=== What the task asks ===
Restate all the data exactly, so that each line is the same as before.
-------- The data --------
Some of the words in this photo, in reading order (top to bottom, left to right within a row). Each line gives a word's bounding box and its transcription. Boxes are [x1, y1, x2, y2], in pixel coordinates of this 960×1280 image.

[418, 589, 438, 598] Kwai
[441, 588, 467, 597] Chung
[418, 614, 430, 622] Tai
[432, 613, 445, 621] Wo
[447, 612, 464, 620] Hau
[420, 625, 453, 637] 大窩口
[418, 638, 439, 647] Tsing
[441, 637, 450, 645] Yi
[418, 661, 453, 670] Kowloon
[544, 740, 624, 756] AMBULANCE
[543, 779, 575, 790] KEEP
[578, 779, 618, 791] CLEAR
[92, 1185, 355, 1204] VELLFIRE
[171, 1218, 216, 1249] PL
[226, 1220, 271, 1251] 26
--------
=== Reply ===
Some of the words in this photo, in reading order (top to bottom, left to right within a row). Each line gives a word's bounding box and its transcription. Boxes are [x1, y1, x2, y2], in pixel coordinates of this 960×1280 image.

[418, 589, 438, 598] Kwai
[441, 588, 467, 597] Chung
[418, 614, 430, 622] Tai
[432, 613, 445, 621] Wo
[447, 612, 464, 620] Hau
[420, 625, 453, 637] 大窩口
[418, 638, 439, 647] Tsing
[441, 637, 450, 645] Yi
[418, 661, 453, 670] Kowloon
[544, 740, 624, 756] AMBULANCE
[543, 779, 575, 790] KEEP
[578, 779, 618, 791] CLEAR
[92, 1185, 355, 1204] VELLFIRE
[171, 1218, 216, 1249] PL
[226, 1220, 271, 1251] 26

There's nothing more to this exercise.